We knew that getting publishers to work together would be hard. Editorial collaboration and commercial cooperation can be riddled with technical, organizational and political challenges. Industry-wide collaboration is usually close to impossible.
As a team we had deep experience (and some scars) from these industry dynamics, but we believed we had some ideas about how to overcome the challenges and help publishers support one another in a way that drove economics in the right direction.
It’s been said, it is better to be lucky than smart, so we hoped our timing was right. And, from previous experience I knew it was better to identify growing consumer or market waves and then jump in front of them rather than expect to force systemic change on a market or industry as a startup.
Market pressures were making Publishers more willing than ever to collaborate both editorially and commercially — at least in concept. On the commercial side, I was particularly excited about burgeoning Private Marketplaces. Clearly, a scarcity function needed to be imposed on the economic model for monetization rates to move upward again in a scaled market. I was very excited about the PMPs playing that role over time, and we definitely thought we could support that development in the industry by providing scaled inventory specifically suited for quality-focused buyers.
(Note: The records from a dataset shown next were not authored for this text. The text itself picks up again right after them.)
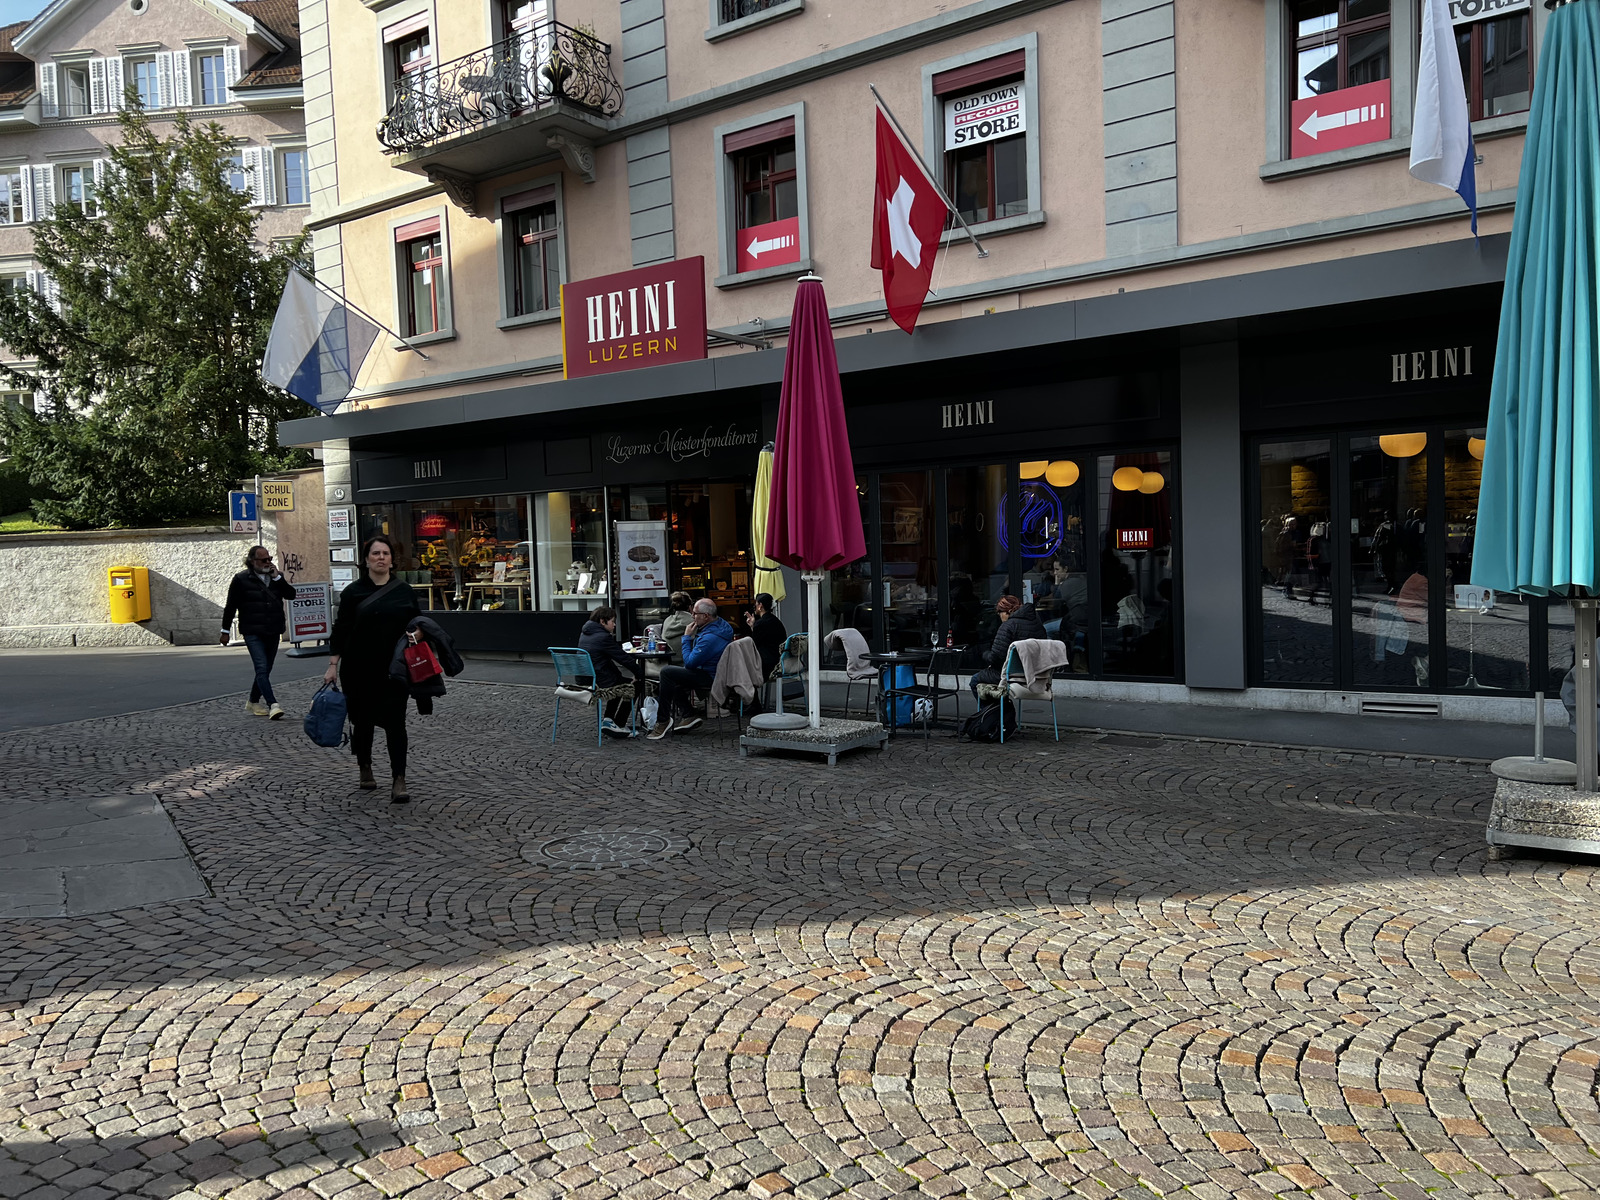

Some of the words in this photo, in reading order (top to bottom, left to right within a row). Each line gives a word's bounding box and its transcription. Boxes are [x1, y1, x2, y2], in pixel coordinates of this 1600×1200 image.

[954, 97, 980, 112] OLD
[981, 86, 1019, 105] TOWN
[955, 101, 1018, 124] RECORD
[954, 114, 1020, 144] STORE
[586, 280, 677, 343] HEINI
[589, 336, 677, 364] LUZERN
[1391, 345, 1473, 382] HEINI
[942, 400, 994, 428] HEINI
[606, 436, 652, 463] Luzerns
[654, 423, 758, 462] Meisterkonditorei
[414, 459, 442, 479] HEINI
[264, 485, 291, 495] SCHUL
[267, 498, 289, 507] ZONE
[1122, 530, 1148, 542] HEINI
[293, 598, 326, 608] STORE
[294, 614, 317, 623] COME
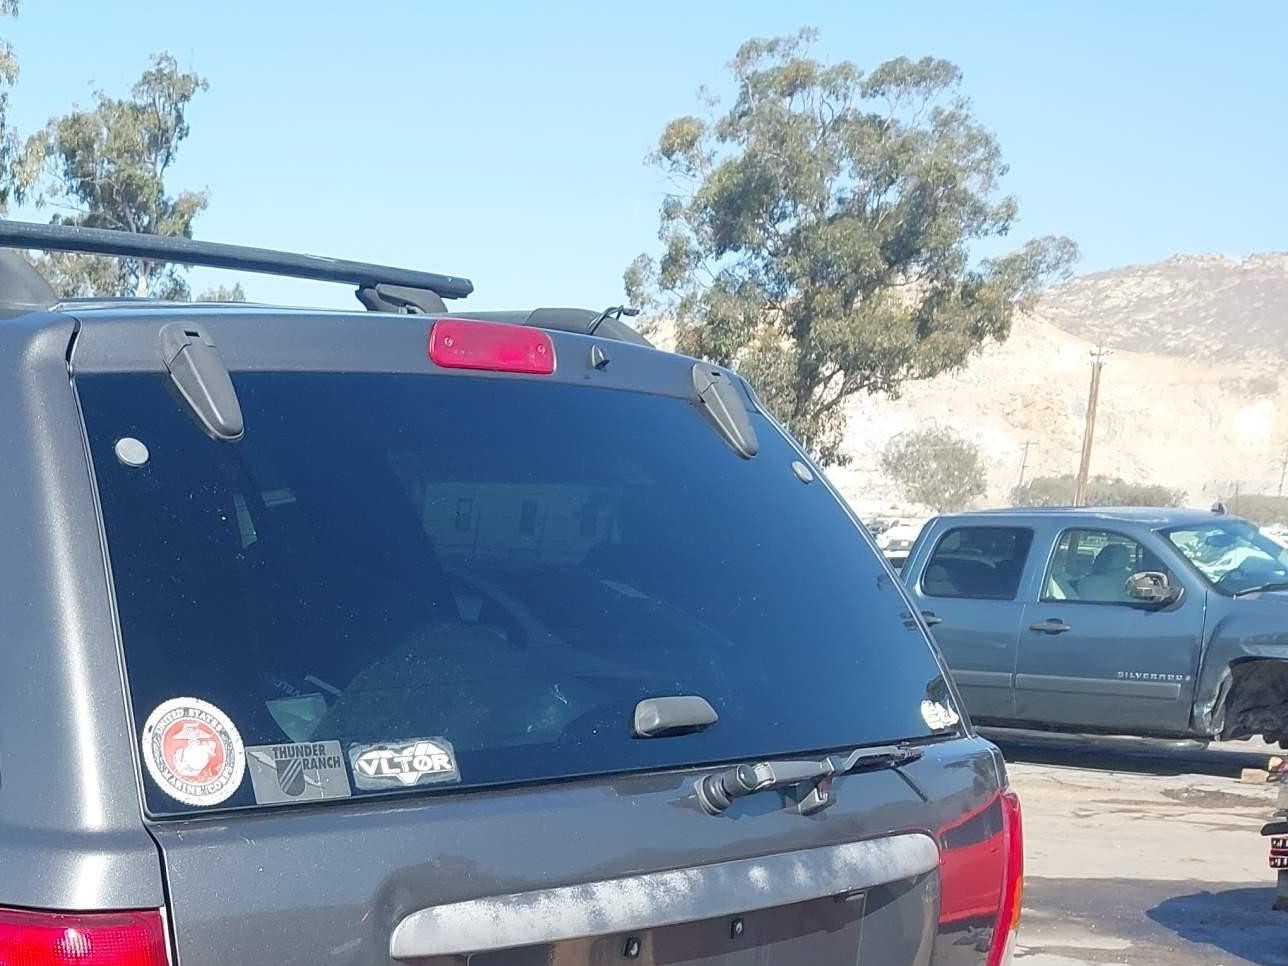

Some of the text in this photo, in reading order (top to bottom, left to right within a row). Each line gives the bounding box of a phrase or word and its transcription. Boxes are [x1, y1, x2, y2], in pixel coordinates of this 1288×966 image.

[156, 708, 223, 734] UNITED STATES
[272, 744, 326, 759] THUNDER
[302, 756, 341, 770] RANCH
[161, 769, 203, 796] MARINE
As for the buy side: Advertisers and agencies, in an era increasingly defined by a desire to attack fake news and eliminate fraud from the ecosystem, were increasingly focused on quality placement and viewable campaigns.
Bottom line, we thought the macro trends we were seeing could well support the vision and plan for Relay Media as a distribution platform designed to benefit quality publishers.
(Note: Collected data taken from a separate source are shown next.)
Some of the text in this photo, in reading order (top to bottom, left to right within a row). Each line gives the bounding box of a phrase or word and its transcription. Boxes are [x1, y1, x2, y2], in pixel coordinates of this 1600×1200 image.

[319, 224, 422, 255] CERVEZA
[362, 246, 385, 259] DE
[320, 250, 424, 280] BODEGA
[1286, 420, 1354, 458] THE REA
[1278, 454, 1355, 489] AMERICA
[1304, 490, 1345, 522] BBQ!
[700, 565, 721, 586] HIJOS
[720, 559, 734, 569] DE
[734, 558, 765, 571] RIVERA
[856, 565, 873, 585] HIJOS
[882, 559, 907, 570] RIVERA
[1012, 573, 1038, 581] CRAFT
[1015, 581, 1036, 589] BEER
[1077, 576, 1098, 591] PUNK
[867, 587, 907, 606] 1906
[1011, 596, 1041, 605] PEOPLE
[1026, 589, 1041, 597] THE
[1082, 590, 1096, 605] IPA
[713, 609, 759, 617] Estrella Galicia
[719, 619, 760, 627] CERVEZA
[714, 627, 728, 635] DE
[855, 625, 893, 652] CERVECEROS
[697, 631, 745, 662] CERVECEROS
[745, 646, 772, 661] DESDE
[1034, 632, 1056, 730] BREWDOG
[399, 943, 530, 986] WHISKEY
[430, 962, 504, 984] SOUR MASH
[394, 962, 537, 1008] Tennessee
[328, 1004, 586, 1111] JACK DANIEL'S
We got started in 2016 by launching an AMP Converter as our first product.
The AMP Converter was designed for publishers who wanted to publish AMP but knew this effort clearly fell into the outsourcing category given the nascent and constantly evolving nature of the specification. As of May 2017 we have over 75 publishers now using our AMP Converter and we’re driving more than 21MM monthly uniques — and growing!
More importantly, we knew AMP would play a pivotal role in our broader vision. Having been involved in the AMP Project from inception and armed with ideas developed through discussions with Pettitt dating back to 2014, I knew AMP could serve as a standard for content syndication across the open web in a way that maintains a publisher’s control over monetization and analytics and at the same time works across both mobile and desktop.
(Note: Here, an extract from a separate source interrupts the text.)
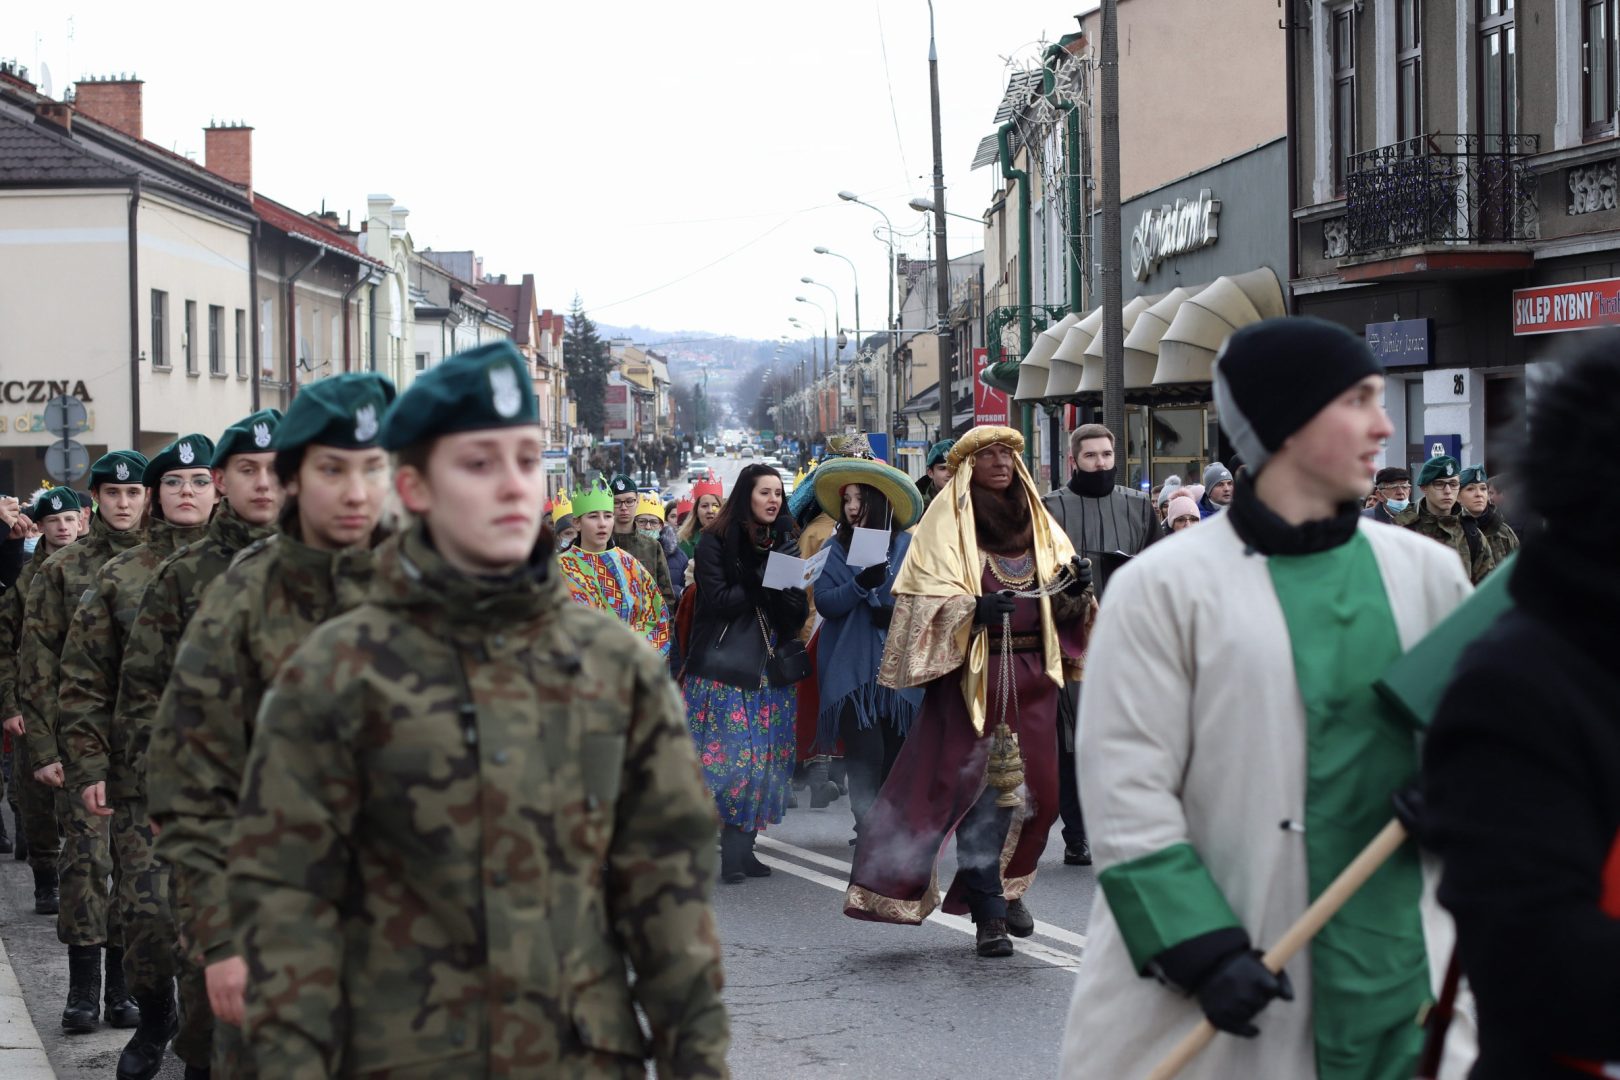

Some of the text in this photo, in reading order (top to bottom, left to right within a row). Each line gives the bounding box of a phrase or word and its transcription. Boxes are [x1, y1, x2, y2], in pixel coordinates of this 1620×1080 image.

Through strong early traction, the experience from our first product has been invaluable in understanding how to optimize AMP for engagement and revenue. It also helped inform a tangible vision for the original goal of providing a publisher-centric distribution platform based on a publisher-to-publisher syndication network that could scale infinitely across the open web with absolute efficiency.
Now we are launching two new products to serve as the foundation of that vision.
Those products are Relay Links™ and Relay Collections™. For a fuller product description check out our Product page.
We knew our approach needed to be simple. Simple solutions to complex problems are more likely to scale efficiently, so we thought a lot about how to make Links and Collections sufficiently — if not super — simple. This was hard given the complexity of the industry problems we wanted to address.
But we think we got it.
Now, as we are about a year and a half into this startup adventure reflecting on our mission to shift the economics of content on the web in a way that will support journalism at industry scale, we are extremely excited to be launching products we hope will play a foundational role in pursuing the goal we set out to achieve back in 2015.
Of course time will tell if we in fact got it right. But our hope is that we are able to support quality publishers by giving them greater control over their own digital distribution destiny.